God’s word as foundation for scientific law
The first enrichment for thinking about science comes from the biblical theme of the word of God. We are familiar with the Bible’s teaching that the Bible itself is the word of God. But the Bible also contains a considerable number of passages that indicate that God speaks words in exercising control over the natural world:
He sends out his command to the earth;
his word runs swiftly.
He gives snow like wool;
he scatters hoarfrost like ashes.
He hurls down his crystals of ice like crumbs;
who can stand before his cold?
He sends out his word, and melts them; … (Ps. 147:15-18 ESV).3Who has spoken and it came to pass,
unless the Lord has commanded it?
Is it not from the mouth of the Most High
that good and bad come? (Lam. 3:37-38)
In addition, in the foundational passage in Genesis 1 God’s speech has a central role. “And God said, ‘Let there by light,’ and there was light” (Gen. 1:3). The principal acts of creation take place by God speaking.

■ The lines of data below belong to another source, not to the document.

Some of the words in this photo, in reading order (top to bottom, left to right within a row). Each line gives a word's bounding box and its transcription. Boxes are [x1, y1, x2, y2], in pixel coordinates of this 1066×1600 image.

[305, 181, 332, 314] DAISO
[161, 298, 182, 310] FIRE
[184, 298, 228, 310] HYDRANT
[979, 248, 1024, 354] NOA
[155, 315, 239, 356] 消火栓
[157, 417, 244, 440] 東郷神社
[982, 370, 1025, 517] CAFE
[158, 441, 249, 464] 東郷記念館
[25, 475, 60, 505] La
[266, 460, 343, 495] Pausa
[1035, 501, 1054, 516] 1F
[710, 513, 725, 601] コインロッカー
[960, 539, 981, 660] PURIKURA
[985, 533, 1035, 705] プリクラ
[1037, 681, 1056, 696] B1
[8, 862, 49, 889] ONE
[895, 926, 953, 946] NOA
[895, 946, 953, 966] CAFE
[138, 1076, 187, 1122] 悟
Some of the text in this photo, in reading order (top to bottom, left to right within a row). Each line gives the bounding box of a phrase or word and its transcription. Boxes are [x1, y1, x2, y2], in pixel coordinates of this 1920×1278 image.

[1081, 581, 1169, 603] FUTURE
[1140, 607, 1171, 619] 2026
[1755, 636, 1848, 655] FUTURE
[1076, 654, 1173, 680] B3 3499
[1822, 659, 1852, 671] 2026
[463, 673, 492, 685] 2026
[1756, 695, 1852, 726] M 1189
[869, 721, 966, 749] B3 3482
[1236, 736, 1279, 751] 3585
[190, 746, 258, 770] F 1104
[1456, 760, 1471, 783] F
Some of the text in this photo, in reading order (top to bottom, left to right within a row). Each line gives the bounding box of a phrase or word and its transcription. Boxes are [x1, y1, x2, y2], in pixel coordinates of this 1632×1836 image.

God’s word is therefore the foundation for all of creation, and provides a foundation in particular for those regularities that are termed scientific law. Science in all its parts depends on the belief in regularities, and on confidence that laws exist. In so doing, it is depending on the word of God and on the regularities that God specifies in his speech.4 In particular, the real laws of physics are the word of God. Human physicists give us an approximation to that word.
This connection between science and the word of God has at least two fruits. First, by linking God to the question of scientific law, it raises the question as to whether differences in people’s views of God can result in differences in scientific opinion. The answer is yes, and that answer can be illustrated by many particular cases. It has been confirmed rather dramatically in the twentieth century, during the time when Big Bang cosmology was first being debated. On the average, the Big Bang tended to be resisted by people who did not want to have to deal with an absolute beginning that suggested a doctrine of creation and the possibility of a personal Creator behind the universe as a whole.
Second, the word of God links the doctrine of the Trinity to science, because in John 1 the Second Person of the Trinity is called the Word, and John 1 links this title to the language in Genesis 1 by affirming that the Word was active in creation (John 1:3). John implies that scientific laws are ultimately Trinitarian in character, and that they may have a particularly close relation to the Second Person of the Trinity and may somehow reflect his character. We could further explore these questions,5 but I would like to pass on to some further biblical theological themes.
Imaging in theophany
Another theme in biblical theology that impinges on physics is the theme of theophany.6 God at various times appears in physical displays of his glory, as at Mount Sinai (Ex. 19), in the fiery cloud that accompanied the Israelites in the exodus (Num. 9:15-23), and in the appearances to Isaiah (Isa. 6:1-8), Ezekiel (Ezek. 1), and John (Rev. 1:12-16; 5:1-14).7 Though the physical displays involve unique, unrepeatable experiences, they also link themselves analogically to ordinary displays in clouds, fire, thunder, lightning, and bright light. The relation to the ordinary suggests that physical aspects of this world reflect the glory of God.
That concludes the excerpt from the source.